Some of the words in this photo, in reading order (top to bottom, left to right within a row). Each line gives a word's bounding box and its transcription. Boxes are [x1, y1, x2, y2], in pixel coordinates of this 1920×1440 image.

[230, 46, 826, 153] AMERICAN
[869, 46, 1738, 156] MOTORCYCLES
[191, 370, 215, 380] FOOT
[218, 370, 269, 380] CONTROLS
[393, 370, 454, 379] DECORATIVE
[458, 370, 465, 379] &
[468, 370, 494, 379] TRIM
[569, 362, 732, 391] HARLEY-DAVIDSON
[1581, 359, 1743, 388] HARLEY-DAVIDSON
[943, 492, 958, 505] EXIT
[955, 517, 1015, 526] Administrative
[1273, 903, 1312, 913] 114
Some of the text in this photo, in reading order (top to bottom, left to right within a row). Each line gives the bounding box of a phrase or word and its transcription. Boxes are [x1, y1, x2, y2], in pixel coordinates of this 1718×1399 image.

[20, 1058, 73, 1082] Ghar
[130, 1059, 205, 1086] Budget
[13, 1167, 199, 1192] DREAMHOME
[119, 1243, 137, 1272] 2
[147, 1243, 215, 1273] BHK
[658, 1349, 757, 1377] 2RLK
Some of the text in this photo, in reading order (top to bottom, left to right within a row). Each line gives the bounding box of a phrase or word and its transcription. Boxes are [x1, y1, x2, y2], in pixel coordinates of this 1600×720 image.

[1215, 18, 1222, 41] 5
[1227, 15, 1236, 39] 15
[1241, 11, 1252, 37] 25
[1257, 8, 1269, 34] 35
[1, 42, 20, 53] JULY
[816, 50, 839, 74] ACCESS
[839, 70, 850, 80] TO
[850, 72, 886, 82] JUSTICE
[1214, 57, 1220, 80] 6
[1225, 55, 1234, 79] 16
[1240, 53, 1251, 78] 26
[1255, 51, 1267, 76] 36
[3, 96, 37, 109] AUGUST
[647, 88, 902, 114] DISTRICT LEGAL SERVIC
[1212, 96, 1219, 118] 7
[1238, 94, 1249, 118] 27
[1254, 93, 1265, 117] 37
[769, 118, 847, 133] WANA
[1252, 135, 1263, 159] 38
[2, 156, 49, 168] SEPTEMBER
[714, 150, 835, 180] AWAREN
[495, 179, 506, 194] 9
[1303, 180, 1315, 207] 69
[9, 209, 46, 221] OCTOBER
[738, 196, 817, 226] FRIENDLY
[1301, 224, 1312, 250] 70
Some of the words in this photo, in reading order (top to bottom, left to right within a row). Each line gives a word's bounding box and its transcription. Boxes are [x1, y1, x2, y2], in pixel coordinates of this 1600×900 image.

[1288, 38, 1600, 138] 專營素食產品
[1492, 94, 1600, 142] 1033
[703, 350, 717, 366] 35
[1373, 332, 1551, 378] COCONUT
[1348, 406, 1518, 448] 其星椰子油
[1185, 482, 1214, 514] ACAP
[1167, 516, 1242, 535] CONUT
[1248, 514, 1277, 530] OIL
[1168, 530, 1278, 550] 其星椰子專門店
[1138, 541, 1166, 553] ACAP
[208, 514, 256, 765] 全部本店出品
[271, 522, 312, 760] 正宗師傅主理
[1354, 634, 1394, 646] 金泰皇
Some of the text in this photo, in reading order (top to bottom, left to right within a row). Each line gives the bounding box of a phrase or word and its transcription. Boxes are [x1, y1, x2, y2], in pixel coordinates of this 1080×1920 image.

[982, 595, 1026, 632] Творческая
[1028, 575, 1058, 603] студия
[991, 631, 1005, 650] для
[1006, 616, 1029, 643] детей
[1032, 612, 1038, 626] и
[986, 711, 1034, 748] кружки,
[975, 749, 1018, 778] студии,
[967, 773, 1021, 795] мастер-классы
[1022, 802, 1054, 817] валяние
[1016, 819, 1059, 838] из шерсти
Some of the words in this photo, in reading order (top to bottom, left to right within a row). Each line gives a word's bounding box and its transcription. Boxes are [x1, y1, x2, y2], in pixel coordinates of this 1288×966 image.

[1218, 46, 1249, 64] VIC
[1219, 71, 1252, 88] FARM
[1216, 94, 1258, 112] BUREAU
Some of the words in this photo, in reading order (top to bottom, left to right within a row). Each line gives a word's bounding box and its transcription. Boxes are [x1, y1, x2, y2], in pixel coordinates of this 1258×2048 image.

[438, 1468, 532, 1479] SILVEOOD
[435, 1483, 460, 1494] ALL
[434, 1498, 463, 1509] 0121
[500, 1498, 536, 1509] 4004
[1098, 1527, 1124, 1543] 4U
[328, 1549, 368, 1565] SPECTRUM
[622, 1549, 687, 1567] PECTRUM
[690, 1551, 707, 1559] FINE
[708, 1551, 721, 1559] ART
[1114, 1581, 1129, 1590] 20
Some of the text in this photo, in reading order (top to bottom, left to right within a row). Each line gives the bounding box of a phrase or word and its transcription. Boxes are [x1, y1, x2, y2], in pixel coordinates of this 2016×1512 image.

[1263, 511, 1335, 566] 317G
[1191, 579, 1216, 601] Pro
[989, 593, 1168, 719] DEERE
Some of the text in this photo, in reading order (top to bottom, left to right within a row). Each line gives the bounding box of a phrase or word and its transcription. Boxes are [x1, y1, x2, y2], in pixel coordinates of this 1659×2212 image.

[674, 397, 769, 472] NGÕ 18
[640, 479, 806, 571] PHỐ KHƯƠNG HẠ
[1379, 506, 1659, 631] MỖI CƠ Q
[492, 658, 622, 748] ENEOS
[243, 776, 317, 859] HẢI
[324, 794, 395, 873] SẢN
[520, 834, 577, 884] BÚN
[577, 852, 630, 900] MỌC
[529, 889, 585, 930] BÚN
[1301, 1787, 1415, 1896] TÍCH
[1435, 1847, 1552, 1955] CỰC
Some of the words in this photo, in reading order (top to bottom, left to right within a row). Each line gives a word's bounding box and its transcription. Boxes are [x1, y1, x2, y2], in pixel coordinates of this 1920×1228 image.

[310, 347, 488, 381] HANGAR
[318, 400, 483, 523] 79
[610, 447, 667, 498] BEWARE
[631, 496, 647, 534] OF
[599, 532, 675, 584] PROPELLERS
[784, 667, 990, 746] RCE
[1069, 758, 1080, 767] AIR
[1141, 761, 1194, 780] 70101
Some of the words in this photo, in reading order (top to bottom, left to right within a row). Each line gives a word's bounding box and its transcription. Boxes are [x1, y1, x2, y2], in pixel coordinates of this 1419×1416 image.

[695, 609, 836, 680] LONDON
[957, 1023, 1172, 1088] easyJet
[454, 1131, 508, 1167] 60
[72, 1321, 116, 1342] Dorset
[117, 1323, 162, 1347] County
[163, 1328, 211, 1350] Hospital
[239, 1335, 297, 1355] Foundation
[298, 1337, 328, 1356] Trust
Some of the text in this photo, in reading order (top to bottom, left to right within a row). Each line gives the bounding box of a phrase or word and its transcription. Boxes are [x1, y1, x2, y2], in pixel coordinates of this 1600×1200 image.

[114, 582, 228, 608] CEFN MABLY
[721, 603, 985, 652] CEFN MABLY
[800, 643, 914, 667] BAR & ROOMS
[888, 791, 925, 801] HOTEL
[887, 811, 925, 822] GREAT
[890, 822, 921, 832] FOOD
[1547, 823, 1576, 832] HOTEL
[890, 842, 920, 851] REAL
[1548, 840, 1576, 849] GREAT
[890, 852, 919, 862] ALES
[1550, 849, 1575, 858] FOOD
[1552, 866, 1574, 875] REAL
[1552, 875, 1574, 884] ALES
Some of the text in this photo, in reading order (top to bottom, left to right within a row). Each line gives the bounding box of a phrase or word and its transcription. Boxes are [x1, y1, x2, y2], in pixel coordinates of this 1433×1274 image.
▬▬▬
What you will do :: Using the data above, print every record exactly as shown.

Exercise response ::
Some of the words in this photo, in reading order (top to bottom, left to right within a row). Each line gives a word's bounding box and its transcription. Boxes are [x1, y1, x2, y2], in pixel coordinates of this 1920×1440 image.

[230, 46, 826, 153] AMERICAN
[869, 46, 1738, 156] MOTORCYCLES
[191, 370, 215, 380] FOOT
[218, 370, 269, 380] CONTROLS
[393, 370, 454, 379] DECORATIVE
[458, 370, 465, 379] &
[468, 370, 494, 379] TRIM
[569, 362, 732, 391] HARLEY-DAVIDSON
[1581, 359, 1743, 388] HARLEY-DAVIDSON
[943, 492, 958, 505] EXIT
[955, 517, 1015, 526] Administrative
[1273, 903, 1312, 913] 114
Some of the text in this photo, in reading order (top to bottom, left to right within a row). Each line gives the bounding box of a phrase or word and its transcription. Boxes are [x1, y1, x2, y2], in pixel coordinates of this 1718×1399 image.

[20, 1058, 73, 1082] Ghar
[130, 1059, 205, 1086] Budget
[13, 1167, 199, 1192] DREAMHOME
[119, 1243, 137, 1272] 2
[147, 1243, 215, 1273] BHK
[658, 1349, 757, 1377] 2RLK
Some of the text in this photo, in reading order (top to bottom, left to right within a row). Each line gives the bounding box of a phrase or word and its transcription. Boxes are [x1, y1, x2, y2], in pixel coordinates of this 1600×720 image.

[1215, 18, 1222, 41] 5
[1227, 15, 1236, 39] 15
[1241, 11, 1252, 37] 25
[1257, 8, 1269, 34] 35
[1, 42, 20, 53] JULY
[816, 50, 839, 74] ACCESS
[839, 70, 850, 80] TO
[850, 72, 886, 82] JUSTICE
[1214, 57, 1220, 80] 6
[1225, 55, 1234, 79] 16
[1240, 53, 1251, 78] 26
[1255, 51, 1267, 76] 36
[3, 96, 37, 109] AUGUST
[647, 88, 902, 114] DISTRICT LEGAL SERVIC
[1212, 96, 1219, 118] 7
[1238, 94, 1249, 118] 27
[1254, 93, 1265, 117] 37
[769, 118, 847, 133] WANA
[1252, 135, 1263, 159] 38
[2, 156, 49, 168] SEPTEMBER
[714, 150, 835, 180] AWAREN
[495, 179, 506, 194] 9
[1303, 180, 1315, 207] 69
[9, 209, 46, 221] OCTOBER
[738, 196, 817, 226] FRIENDLY
[1301, 224, 1312, 250] 70
Some of the words in this photo, in reading order (top to bottom, left to right within a row). Each line gives a word's bounding box and its transcription. Boxes are [x1, y1, x2, y2], in pixel coordinates of this 1600×900 image.

[1288, 38, 1600, 138] 專營素食產品
[1492, 94, 1600, 142] 1033
[703, 350, 717, 366] 35
[1373, 332, 1551, 378] COCONUT
[1348, 406, 1518, 448] 其星椰子油
[1185, 482, 1214, 514] ACAP
[1167, 516, 1242, 535] CONUT
[1248, 514, 1277, 530] OIL
[1168, 530, 1278, 550] 其星椰子專門店
[1138, 541, 1166, 553] ACAP
[208, 514, 256, 765] 全部本店出品
[271, 522, 312, 760] 正宗師傅主理
[1354, 634, 1394, 646] 金泰皇
Some of the text in this photo, in reading order (top to bottom, left to right within a row). Each line gives the bounding box of a phrase or word and its transcription. Boxes are [x1, y1, x2, y2], in pixel coordinates of this 1080×1920 image.

[982, 595, 1026, 632] Творческая
[1028, 575, 1058, 603] студия
[991, 631, 1005, 650] для
[1006, 616, 1029, 643] детей
[1032, 612, 1038, 626] и
[986, 711, 1034, 748] кружки,
[975, 749, 1018, 778] студии,
[967, 773, 1021, 795] мастер-классы
[1022, 802, 1054, 817] валяние
[1016, 819, 1059, 838] из шерсти
Some of the words in this photo, in reading order (top to bottom, left to right within a row). Each line gives a word's bounding box and its transcription. Boxes are [x1, y1, x2, y2], in pixel coordinates of this 1288×966 image.

[1218, 46, 1249, 64] VIC
[1219, 71, 1252, 88] FARM
[1216, 94, 1258, 112] BUREAU
Some of the words in this photo, in reading order (top to bottom, left to right within a row). Each line gives a word's bounding box and its transcription. Boxes are [x1, y1, x2, y2], in pixel coordinates of this 1258×2048 image.

[438, 1468, 532, 1479] SILVEOOD
[435, 1483, 460, 1494] ALL
[434, 1498, 463, 1509] 0121
[500, 1498, 536, 1509] 4004
[1098, 1527, 1124, 1543] 4U
[328, 1549, 368, 1565] SPECTRUM
[622, 1549, 687, 1567] PECTRUM
[690, 1551, 707, 1559] FINE
[708, 1551, 721, 1559] ART
[1114, 1581, 1129, 1590] 20
Some of the text in this photo, in reading order (top to bottom, left to right within a row). Each line gives the bounding box of a phrase or word and its transcription. Boxes are [x1, y1, x2, y2], in pixel coordinates of this 2016×1512 image.

[1263, 511, 1335, 566] 317G
[1191, 579, 1216, 601] Pro
[989, 593, 1168, 719] DEERE
Some of the text in this photo, in reading order (top to bottom, left to right within a row). Each line gives the bounding box of a phrase or word and its transcription. Boxes are [x1, y1, x2, y2], in pixel coordinates of this 1659×2212 image.

[674, 397, 769, 472] NGÕ 18
[640, 479, 806, 571] PHỐ KHƯƠNG HẠ
[1379, 506, 1659, 631] MỖI CƠ Q
[492, 658, 622, 748] ENEOS
[243, 776, 317, 859] HẢI
[324, 794, 395, 873] SẢN
[520, 834, 577, 884] BÚN
[577, 852, 630, 900] MỌC
[529, 889, 585, 930] BÚN
[1301, 1787, 1415, 1896] TÍCH
[1435, 1847, 1552, 1955] CỰC
Some of the words in this photo, in reading order (top to bottom, left to right within a row). Each line gives a word's bounding box and its transcription. Boxes are [x1, y1, x2, y2], in pixel coordinates of this 1920×1228 image.

[310, 347, 488, 381] HANGAR
[318, 400, 483, 523] 79
[610, 447, 667, 498] BEWARE
[631, 496, 647, 534] OF
[599, 532, 675, 584] PROPELLERS
[784, 667, 990, 746] RCE
[1069, 758, 1080, 767] AIR
[1141, 761, 1194, 780] 70101
Some of the words in this photo, in reading order (top to bottom, left to right within a row). Each line gives a word's bounding box and its transcription. Boxes are [x1, y1, x2, y2], in pixel coordinates of this 1419×1416 image.

[695, 609, 836, 680] LONDON
[957, 1023, 1172, 1088] easyJet
[454, 1131, 508, 1167] 60
[72, 1321, 116, 1342] Dorset
[117, 1323, 162, 1347] County
[163, 1328, 211, 1350] Hospital
[239, 1335, 297, 1355] Foundation
[298, 1337, 328, 1356] Trust
Some of the text in this photo, in reading order (top to bottom, left to right within a row). Each line gives the bounding box of a phrase or word and its transcription. Boxes are [x1, y1, x2, y2], in pixel coordinates of this 1600×1200 image.

[114, 582, 228, 608] CEFN MABLY
[721, 603, 985, 652] CEFN MABLY
[800, 643, 914, 667] BAR & ROOMS
[888, 791, 925, 801] HOTEL
[887, 811, 925, 822] GREAT
[890, 822, 921, 832] FOOD
[1547, 823, 1576, 832] HOTEL
[890, 842, 920, 851] REAL
[1548, 840, 1576, 849] GREAT
[890, 852, 919, 862] ALES
[1550, 849, 1575, 858] FOOD
[1552, 866, 1574, 875] REAL
[1552, 875, 1574, 884] ALES
Some of the text in this photo, in reading order (top to bottom, left to right within a row). Each line gives the bounding box of a phrase or word and its transcription. Boxes are [x1, y1, x2, y2], in pixel coordinates of this 1433×1274 image.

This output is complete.